Do Women Make Better Rock Climbers?

Climbing is no longer a boy's club, as an increasing number of women are demonstrating. The younger generation is becoming interested in the sport because of their success.

Men and women perform differently at the elite levels of various sports, such as sprinting and marathon running. But in climbing, this difference is little to nonexistent.


The sport of climbing is very complex and significantly dependent on footwork and balance. Women can climb more routes and issues without being forced to use their upper body power to pull themselves up because they typically have a superior awareness of these things.

However, this does not imply that female climbers are exempt from the requirement to strengthen their upper bodies. Girls who have trouble getting their fingers on specific holds, particularly those with shorter arms, can greatly increase their success rate by addressing this issue, particularly on steep and powerful terrain.

It's also important to keep in mind that climbing is a very complicated and diverse activity, making it difficult to compare performance using benchmarks like weighted pull-ups or other simple strength or endurance measures. Nevertheless, research indicates that on these kinds of assessments, women often advance more quickly than men. Hormone variations during the menstrual cycle may be the cause of this.


Ashima Shiraishi, a Japanese climber, is among the world's top female rock climbers, standing at 5-foot-1 and weighing 100 pounds. But her greatness lies in much more than just her size. She knows that having a strong ankle is essential to her climbing and that body movement and footwork are far more significant than raw upper-body strength.

You can move up the wall more easily and controllably with proper footwork, whether you're on a route or a bouldering wall. Maintaining equilibrium is essential for navigating challenging paths. Try standing five inches in front of the wall and keeping your feet off the wall for thirty seconds if you want to work on your balance.

Your balance will improve the more you perform this workout. Another option is to try pushing up against the wall with your arms; just be careful not to lose your balance by keeping your hips inside. This easy practice will provide you with a more comprehensive approach to technique improvement by enabling you to evaluate how your climbing is affected by your balance.


When climbing, those that are taller typically have greater reach, which can be detrimental if you are not one of them. But climbing requires more than just height—you'll also need a lot of strength.

Doing yoga or anything similar is a fantastic strategy to increase your reach and can also help with flexibility. To climb higher grades, you also need to work on your balance and core stability.

Despite being smaller than their rivals, shorter people can be quite skilled climbers and even win competitions. But to succeed, you have to work hard at the gym and concentrate on the proper methods. Being more flexible, improving your reach, and strengthening your core and balance are all necessary if you want to compete and perform exceptionally well. If not, you won't perform as well and will regress.

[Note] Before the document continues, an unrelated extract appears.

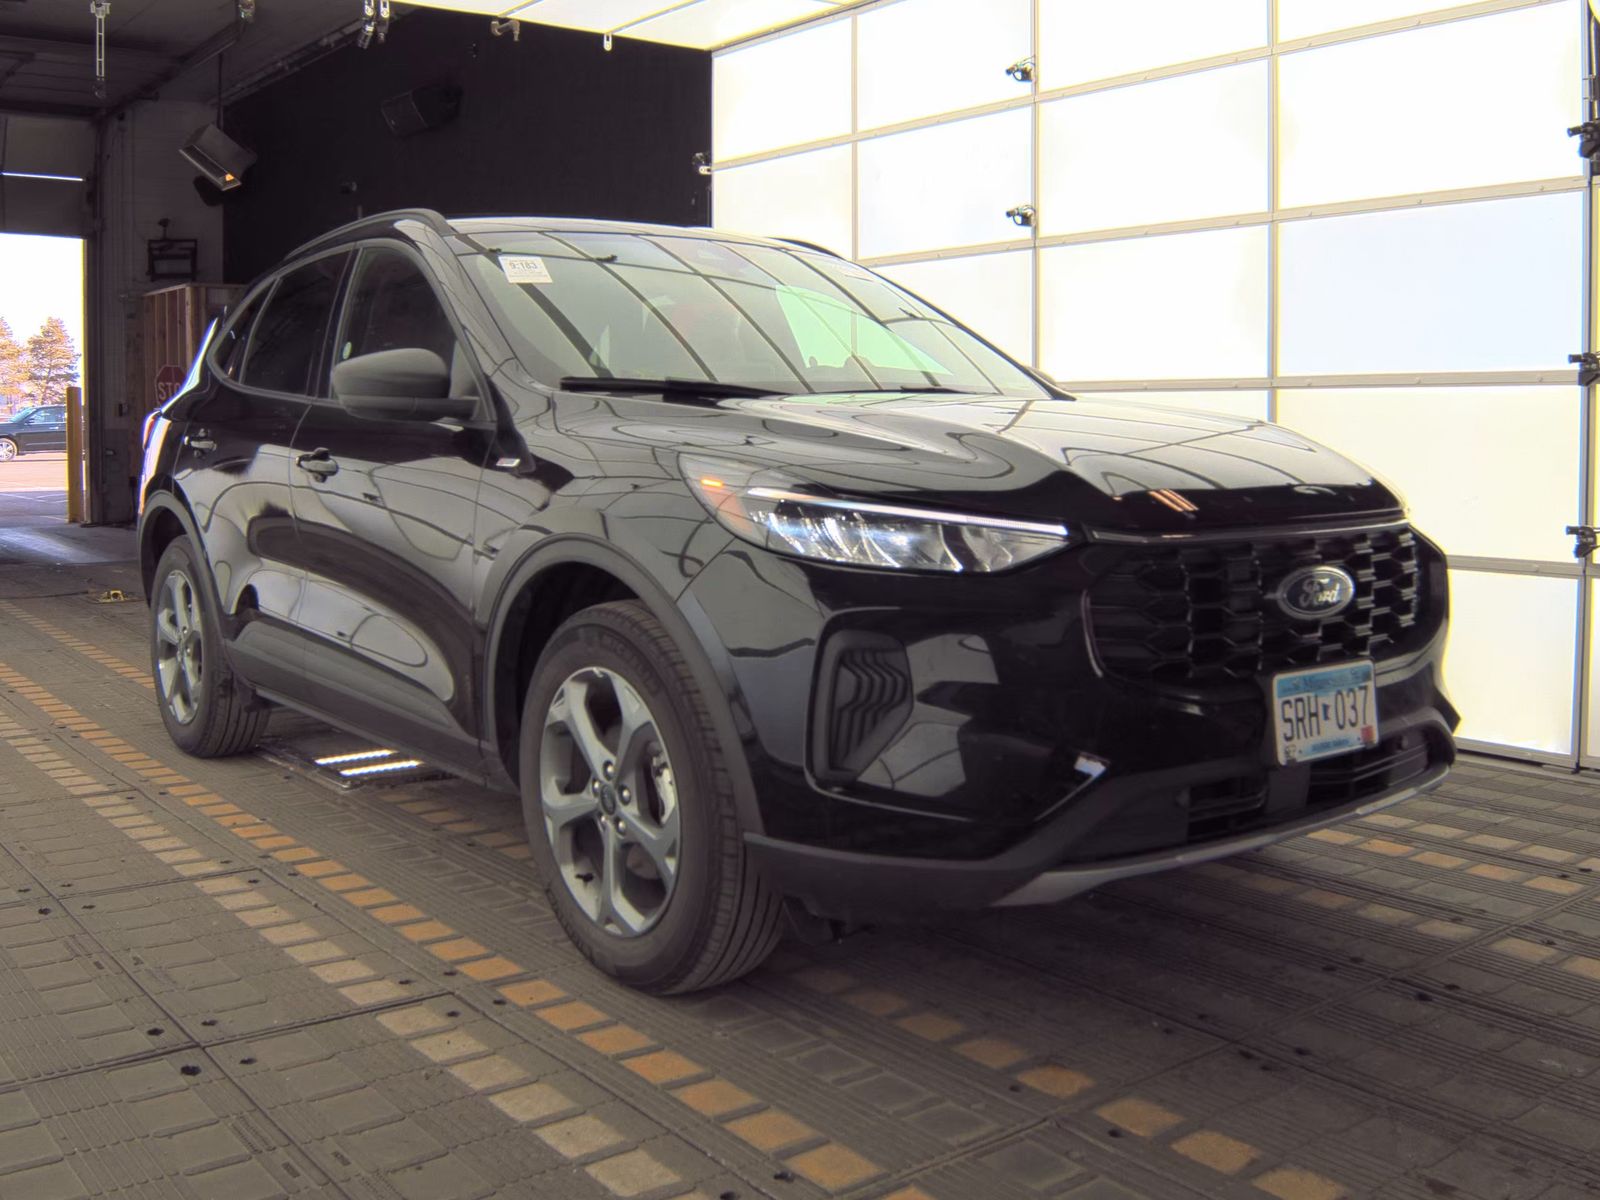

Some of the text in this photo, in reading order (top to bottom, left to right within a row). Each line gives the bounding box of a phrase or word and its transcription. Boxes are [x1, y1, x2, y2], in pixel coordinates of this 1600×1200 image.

Climbing is a lean sport, so it's not surprising that many competitors struggle with weight control. Compared to participants in sports where there are no weight limitations, athletes report more eating disorder symptoms and stricter sporting body ideals (de Bruin et al., 2011).

It's crucial to remember that there is a nonlinear link between climbing performance and height. This implies that absolute strength-to-weight ratios, in addition to relative weight, play a role in climbing abilities.

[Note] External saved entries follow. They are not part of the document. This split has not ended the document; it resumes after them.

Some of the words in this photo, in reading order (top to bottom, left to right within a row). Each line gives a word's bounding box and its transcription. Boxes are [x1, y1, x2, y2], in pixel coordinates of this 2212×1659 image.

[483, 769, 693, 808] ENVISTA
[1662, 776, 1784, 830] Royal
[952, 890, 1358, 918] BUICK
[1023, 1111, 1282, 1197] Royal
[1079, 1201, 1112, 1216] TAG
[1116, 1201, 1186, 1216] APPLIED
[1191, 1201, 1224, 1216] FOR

Particularly for their sport, athletes who are very thin are unlikely to compete at a high level. This is due to the possibility that they lack the muscle to sustain their bodies while grasping the next hold or maintaining their balance on that thin piece of rock. Furthermore, these athletes' irregular eating patterns might lead to major health issues like anorexia. This is the reason it's critical that climbers who exhibit any red flags of an eating disorder seek the advice of a medical expert.